MIPS R4000 (continued)
• MIPS' semiconductor company partners participate in the
design and development of MIPS processors and software
and then produce, market, and support the processors.
MIPS itself does not fabricate or sell products. MIPS'
semiconductor partners are: Integrated Device Technology,
LSI Logic Corporation, NEC Corporation, NKK
Corporation, Philips Semiconductors, Siemens AG, and
Toshiba Corporation.
MIPS R4000 (continued)
MIPS' products
• R4000 - 100 MHz; 1.35M transistors, primary i/d cache 8KB/8KB,
SPECint92 58.3/ SPECfp92 61.4.
• R4300i - 133 MHZ, 1.35M transistors; primary i/d cache, 16KB/8KB,
SPECint92 80, SPECfp92 60.
• R4400 - 250 MHz, 2.3M transistors, primary i/d cache 16KB/16KB,
SPECint92 175.8, SPECfp92 164.4.
• R4600 - 133 MHz, 1.9M transistors, primary i/d cache 16KB/16KB,
SPECint92 85, SPECfp92 75.
• R8000/R8010 - 90 MHz, 2.6M, .83M transistors, primary i/d cache,
16KB/16KB, SPECint92 132, SPECfp92 396.
• R10000 - 200 MHz, 6.7M transistors, primary i/d cache 32KB/32KB,
SPECint92 >300, SPECfp92 >600.
• MIPS' processor chips were used in the DEC 3100 series of
workstations.
Intel Research - Microprocessor
• We research advanced microarchitecture and system
architecture concepts and techniques for future
generation IA-32 and IA-64 designs. We are located
at Intel's centers for microprocessor development
including Santa Clara (California), Hillsboro (Oregon),
Haifa (Israel) and Barcelona (Spain). We work side
by side with engineers developing current and next
generation microprocessors.
Intel Research – Microprocessor(continued)
Research areas
• Multithread Microarchitecture
Research into various flavors of multithreading from CMP (chip
multiprocessor), SMT (simultaneous multithreading) to DMT
(dynamic multithread).
• Memory Hierarchy
Research into multilevel caches, prefetching, multiprocessor cache
behavior, and external memory bandwidth and latency bottlenecks.
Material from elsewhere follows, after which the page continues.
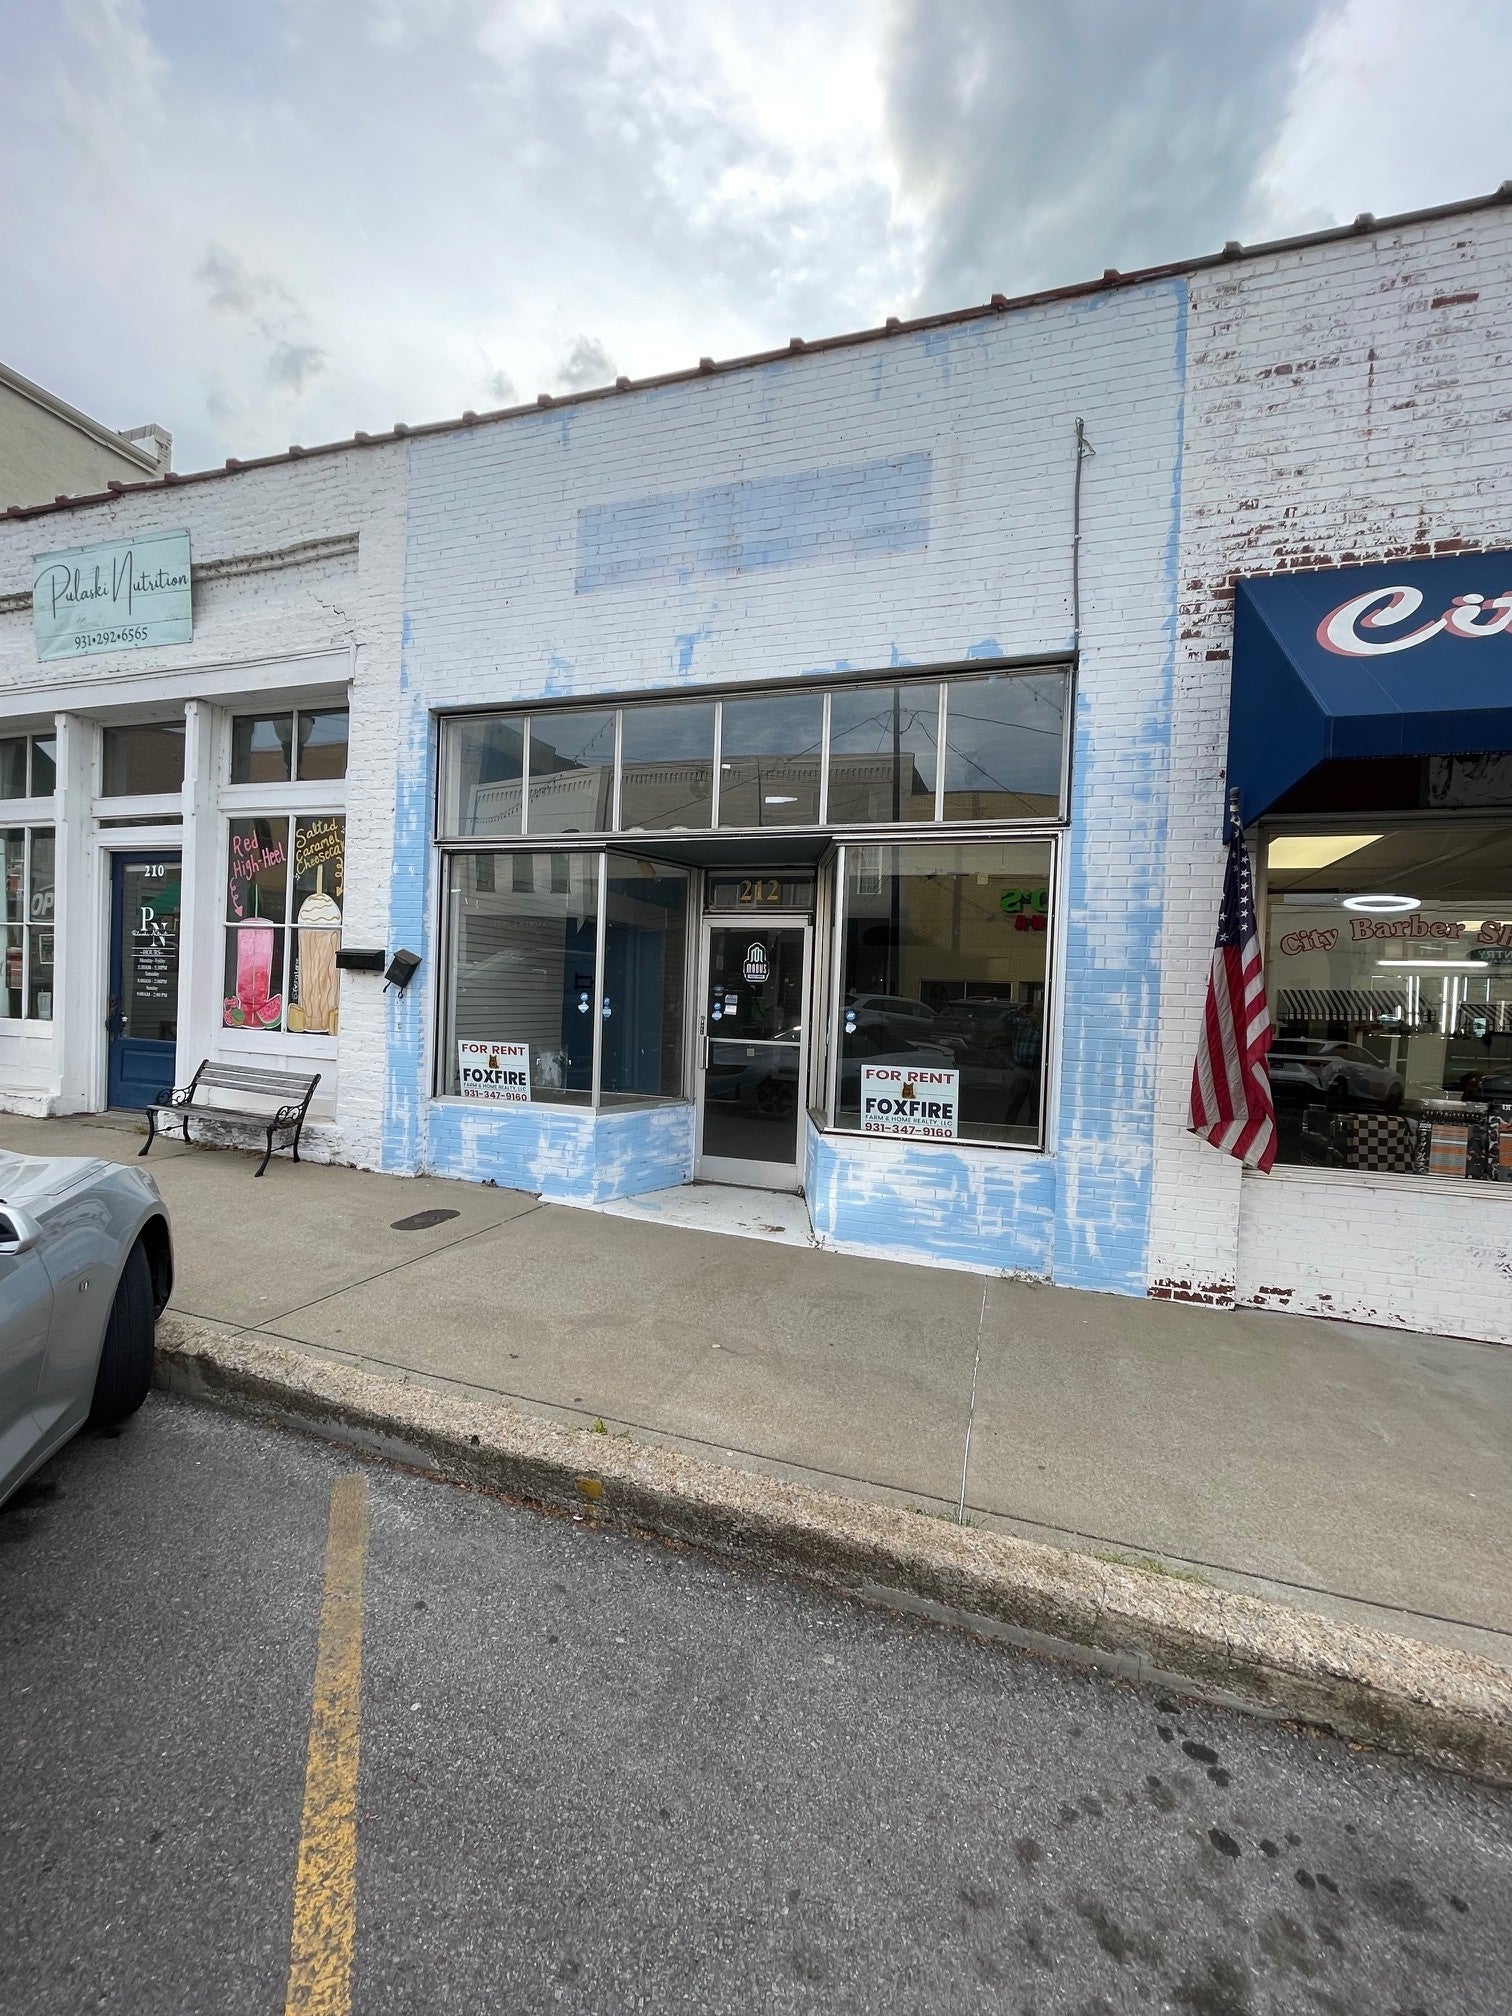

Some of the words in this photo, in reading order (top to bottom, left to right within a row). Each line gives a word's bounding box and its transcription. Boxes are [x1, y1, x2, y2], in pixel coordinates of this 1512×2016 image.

• Improving Instruction Level Parallelism
Research areas include improving ILP through novel instruction
supply and prediction techniques, techniques for bypassing
memory latency and improving memory hierarchy organization.
• Low Power Architecture and Microarchitectures
In the low-power area, we investigate techniques for cutting local
and global power and novel architecture design for low power.
• Simulators
We are also investigating IA-32 and IA-64 based simulation
frameworks to evaluate design and performance characteristics.